### PROVIDED DATA
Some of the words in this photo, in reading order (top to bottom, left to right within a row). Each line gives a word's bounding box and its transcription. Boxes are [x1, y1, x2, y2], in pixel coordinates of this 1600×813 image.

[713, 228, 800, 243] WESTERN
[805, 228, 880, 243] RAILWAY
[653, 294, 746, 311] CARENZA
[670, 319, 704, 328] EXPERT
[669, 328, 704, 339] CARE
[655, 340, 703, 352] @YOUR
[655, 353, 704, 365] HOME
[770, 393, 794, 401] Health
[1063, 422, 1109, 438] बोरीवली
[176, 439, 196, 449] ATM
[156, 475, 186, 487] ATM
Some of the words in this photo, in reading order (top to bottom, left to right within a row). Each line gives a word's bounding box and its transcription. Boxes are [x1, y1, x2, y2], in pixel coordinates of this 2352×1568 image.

### WORK TO COMPLETE
When you copy the material, keep every line exactly as it stands.

### RESULT
Some of the words in this photo, in reading order (top to bottom, left to right within a row). Each line gives a word's bounding box and its transcription. Boxes are [x1, y1, x2, y2], in pixel coordinates of this 1600×813 image.

[713, 228, 800, 243] WESTERN
[805, 228, 880, 243] RAILWAY
[653, 294, 746, 311] CARENZA
[670, 319, 704, 328] EXPERT
[669, 328, 704, 339] CARE
[655, 340, 703, 352] @YOUR
[655, 353, 704, 365] HOME
[770, 393, 794, 401] Health
[1063, 422, 1109, 438] बोरीवली
[176, 439, 196, 449] ATM
[156, 475, 186, 487] ATM
Some of the words in this photo, in reading order (top to bottom, left to right within a row). Each line gives a word's bounding box and its transcription. Boxes are [x1, y1, x2, y2], in pixel coordinates of this 2352×1568 image.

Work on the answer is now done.